Comparison of RECIST 1.1 and iRECIST in Patients Treated with Immune Checkpoint Inhibitors: A Systematic Review and Meta-Analysis

Simple Summary It is controversial whether iRECIST has a significant impact over RECIST 1.1 in evaluating the efficacy of immune checkpoint inhibitor treatment. We aimed to evaluate the impact of iRECIST on assessing treatment efficacy of immune checkpoint inhibitors over RECIST 1.1 through a systematic review and meta-analysis. Compared to RECIST 1.1, iRECIST had no impact on the overall response rate and disease control rate but detected 3.9% of patients with discordance in the date of progressive disease determination due to pseudoprogression and prolonged restricted mean progression-free survival time by 0.46 months. Therefore, the application of iRECIST had no impact on the response-related endpoints but had a minor impact on the survival endpoint, compared to RECIST 1.1. Such a modest benefit of iRECIST should be considered when we design a clinical trial for immune checkpoint inhibitors.
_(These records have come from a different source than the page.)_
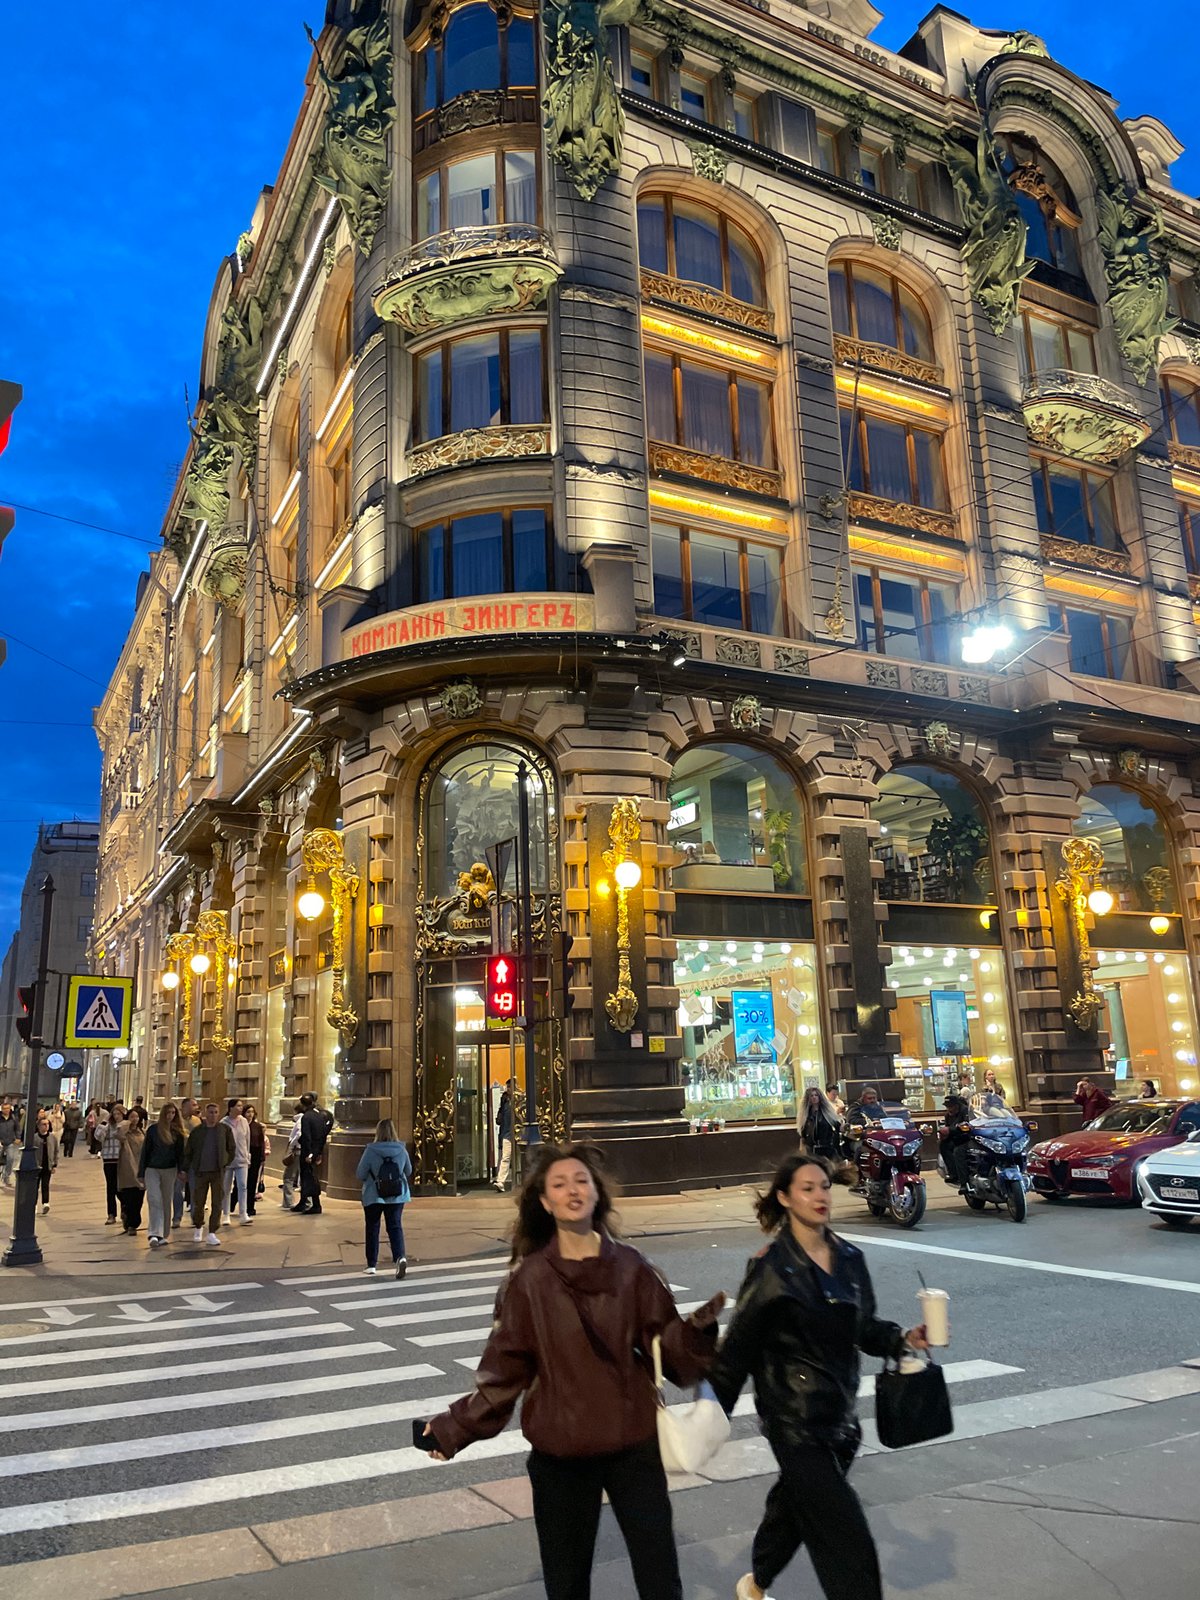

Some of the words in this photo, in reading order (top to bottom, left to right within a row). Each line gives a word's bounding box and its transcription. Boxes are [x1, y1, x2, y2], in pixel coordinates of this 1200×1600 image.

[352, 611, 446, 657] КОМПАНІЯ
[463, 603, 575, 631] ЗИНГЕРЪ
[494, 992, 512, 1011] 43
[740, 1010, 769, 1023] -30%
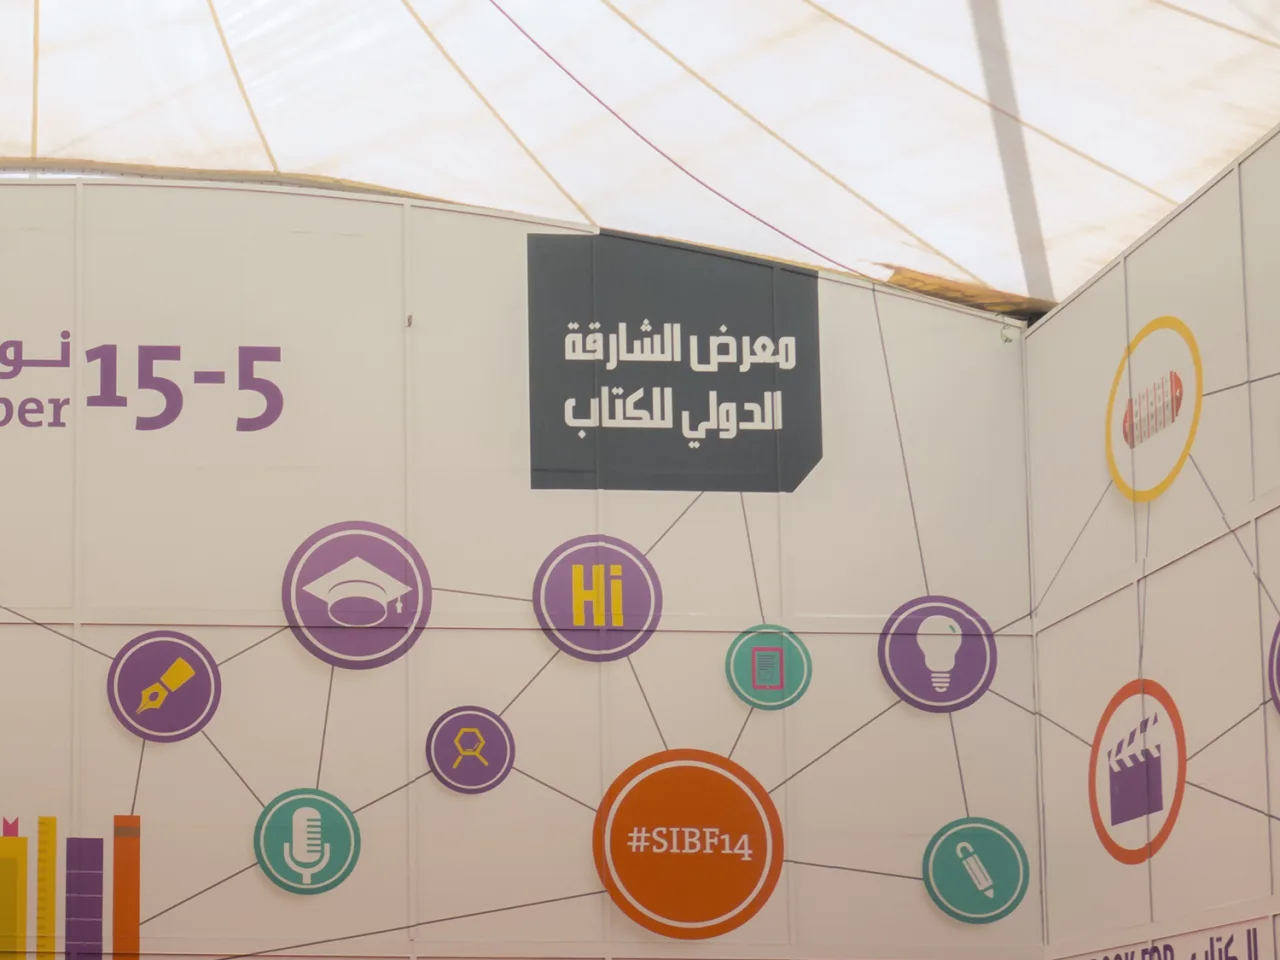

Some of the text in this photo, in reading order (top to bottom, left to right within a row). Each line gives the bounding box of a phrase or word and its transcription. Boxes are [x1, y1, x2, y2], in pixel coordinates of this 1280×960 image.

Despite wide recognition of iRECIST, evidence regarding the impact of iRECIST over RECIST 1.1 is lacking. We aimed to evaluate the impact of iRECIST on assessing treatment efficacy of immune checkpoint inhibitors (ICIs) over RECIST 1.1. Articles that evaluated the treatment response and outcome based on both RECIST 1.1 and iRECIST were eligible. Data regarding overall response rates (ORR) and disease control rate (DCR) based on RECIST 1.1 and iRECIST, and data required to estimate individual patient data of progression-free survival (PFS) were extracted. Estimates were compared using meta-regression and pooled incidence rate ratios. The pooled difference of restricted mean survival time (RMST) of PFS between two criteria were calculated. Eleven studies with 6210 patients were analyzed. The application of iRECIST had no impact on the response-related endpoint by showing no significantly different ORR and DCR from RECIST 1.1 (pooled ORR, 23.6% and 24.7% [p = 0.72]; pooled DCR, 45.3% and 48.7% [p = 0.56] for iRECIST and RECIST 1.1, respectively) and had a minor impact on a survival endpoint by showing longer RMST of PFS than RECIST 1.1 (pooled difference, 0.46 months; 95% CI, 0.10-0.82 months; p = 0.01). Such a modest benefit of iRECIST should be considered when we design a clinical trial for immune checkpoint inhibitors.